Fish Speech
1. サービス概要
Fish Speech は、最先端の生成AIを活用した、次世代型のオープンソース・テキスト読み上げ(TTS)および音声クローンサービスです。
- 主な機能:
- テキスト読み上げ (TTS): 100万時間を超える多言語音声データで学習された、極めて自然な音声合成。
- 音声クローン (Voice Cloning): 数十秒程度の参照音声から、特定の人物の声、感情、抑揚を忠実に再現。
- 多言語対応: 日本語(10万時間以上)、英語(30万時間以上)、中国語(30万時間以上)を含む、20以上の言語に対応。
- WebUI / API 提供: ブラウザ上で操作できるインターフェースのほか、開発者向けのAPIも提供。
- ユーザー数: 公開されている GitHub のスター数は 2.7万(2025年3月時点)を超えており、世界中の開発者やクリエイターに利用されています。
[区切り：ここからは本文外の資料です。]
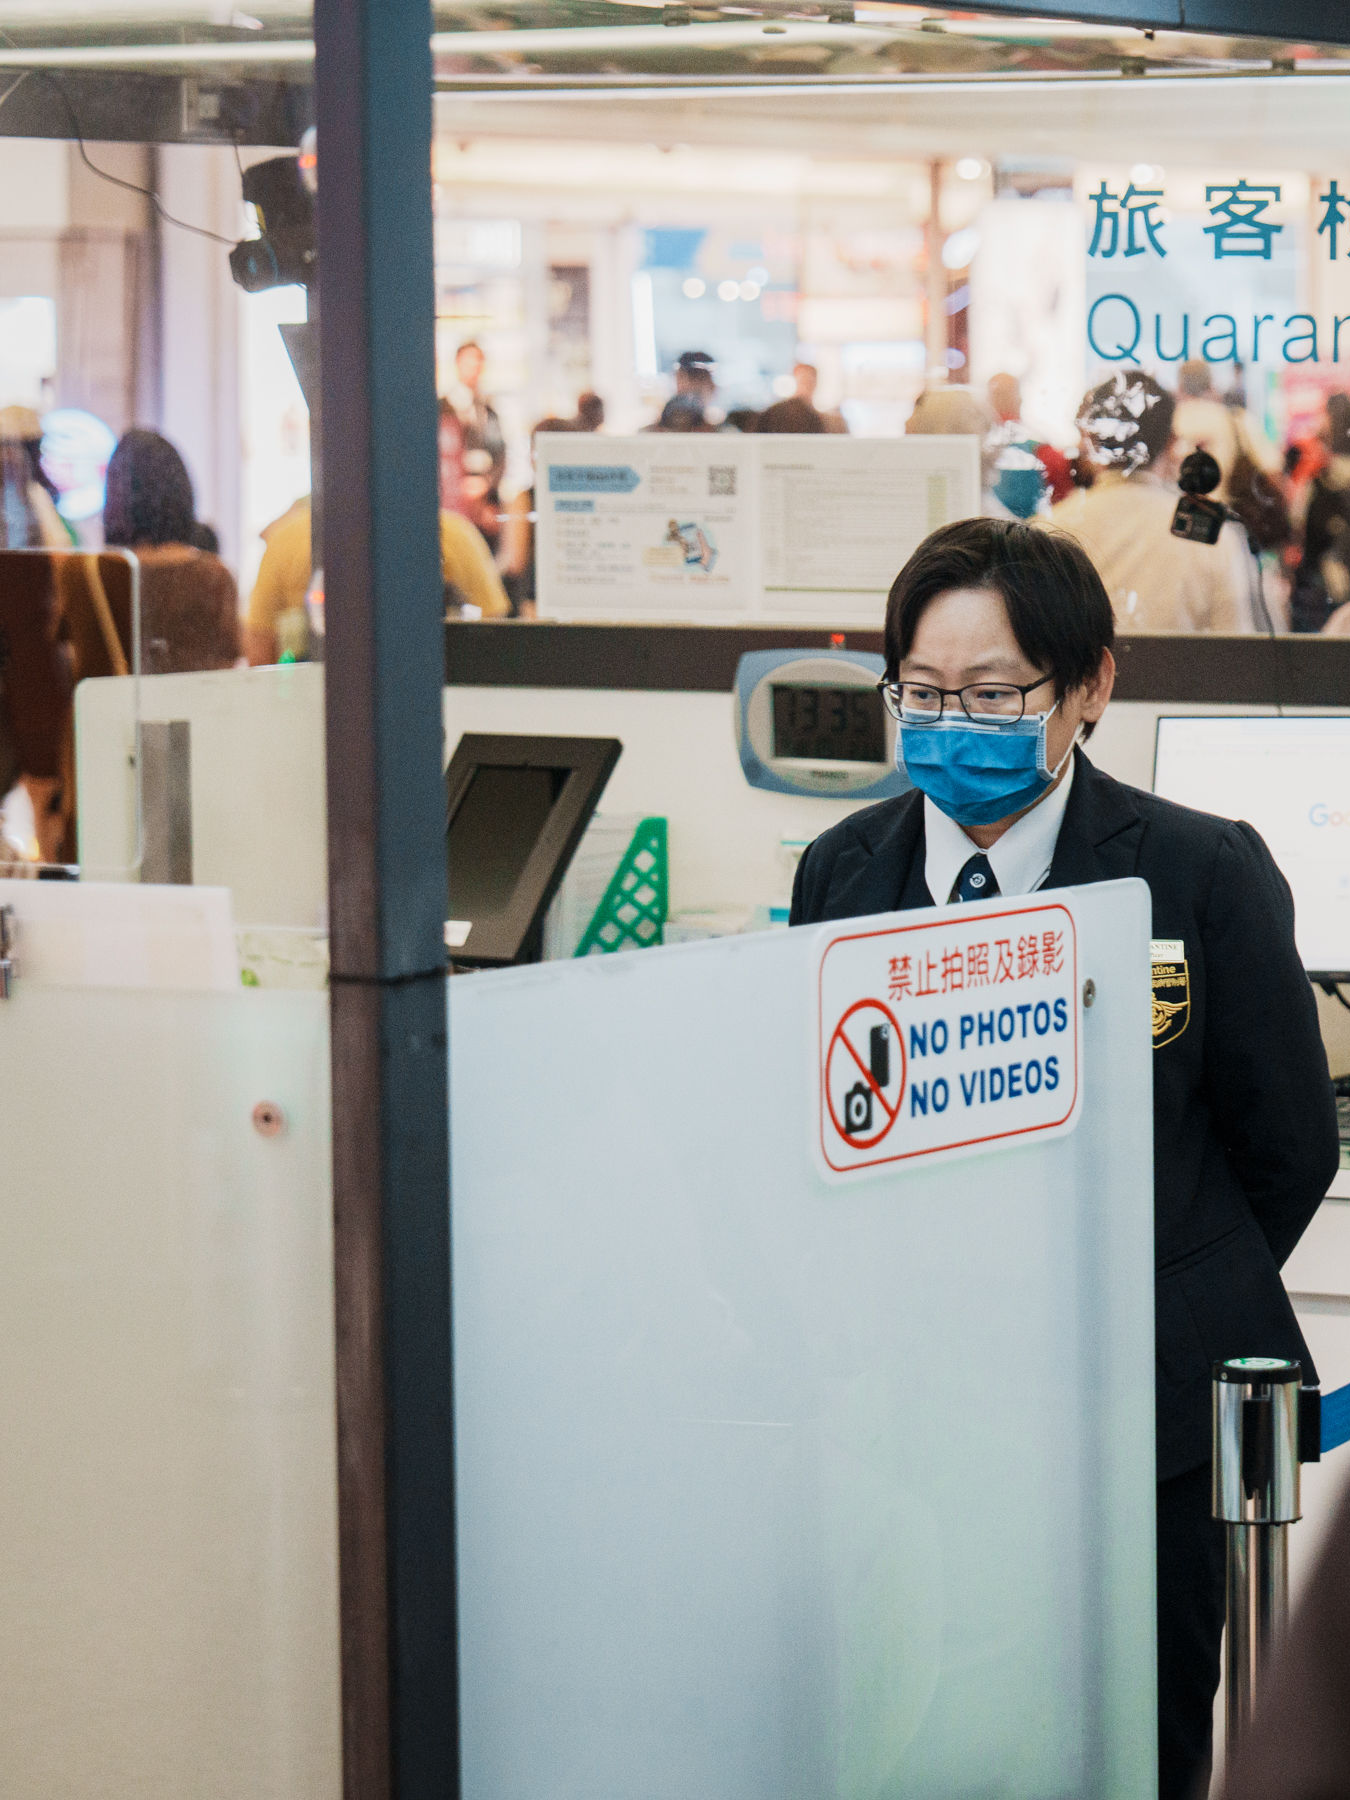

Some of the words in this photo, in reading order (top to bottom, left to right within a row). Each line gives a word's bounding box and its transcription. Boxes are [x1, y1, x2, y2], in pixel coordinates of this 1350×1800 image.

具体的な総登録ユーザー数は非公開。
- 対応プラットフォーム: Webブラウザ(クラウド版)、Windows / Linux / macOS(ローカル環境、Docker対応)、Python SDK、API。
2. 使用している技術スタック
Fish Speech は、従来の VITS 等のモデルとは異なる「DualAR(デュアル自己回帰)」アーキテクチャを採用しているのが特徴です。
- アーキテクチャ:
- LLM (Large Language Model): Llama アーキテクチャに基づいた自己回帰型モデル。
- DualAR (Dual Auto-Regressive): テキストから音響トークンへの変換にデュアル自己回帰トランスフォーマーを使用。
- VITS / VQGAN / EnCodec: 音声の離散化および高品質なデコードに使用。
- 開発言語・フレームワーク: Python, PyTorch (torch.compile による高速化に対応).
- 環境構築: Docker, NVIDIA CUDA, Triton(高速化プラグイン), UV(パッケージ管理).
- モデル配布: Hugging Face にてチェックポイント(重みファイル)を公開。
3. 会社概要
運営実体は、米国のデラウェア州に登記されているスタートアップ企業です。
- 運営会社名: Hanabi AI Inc.(サービスブランド名は Fish Audio)
- 設立年: 2024年(ドメイン取得およびプロジェクトの本格始動時期より)
- 本社所在地: 131 Continental Dr, Suite 305, Newark, DE 19713, United States
- 従業員数: 不明(GitHub の主要なコントリビューターおよびコアメンバーは数名〜10名程度と推測される)
4. 沿革、資本構成、国籍、役員情報
- 沿革:
- 2024年5月:Fish Speech V1.0 を発表。当初は商用利用不可のライセンス(CC BY-NC-SA 4.0)であった。
- 2024年12月:ライセンスを Apache License 2.0 に変更し、完全なオープンソース化と商用利用を解禁。
- 2025年3月:性能を大幅に向上させた Fish Speech V1.5 および最新の S2 モデルシリーズを発表。
- 資本構成: 外部からの大規模な資金調達(Series A等)の詳細は公表されておらず、現状は「Unfunded(自己資金またはエンジェル投資家等)」の段階とされている。
- 国籍: 会社登記は米国(デラウェア州)であるが、主要開発者および研究チームの多くが中国出身のエンジニアである。
- 役員情報:
- Songting Liu (CEO/Founder): 代表的な論文『Fish Audio S2 Technical Report』の筆頭著者であり、主要な開発を主導。
- 主要メンバー: Yifan Cheng, Ruoyi Zhang, Yisheng Zheng 等、AI・音声合成分野の研究者が名を連ねている。役員の詳細なキャリアパスについては、学術研究およびオープンソース開発を基盤としており、特定の国籍(中国系・米国籍等)や詳しい経歴の詳細は公式には非公開。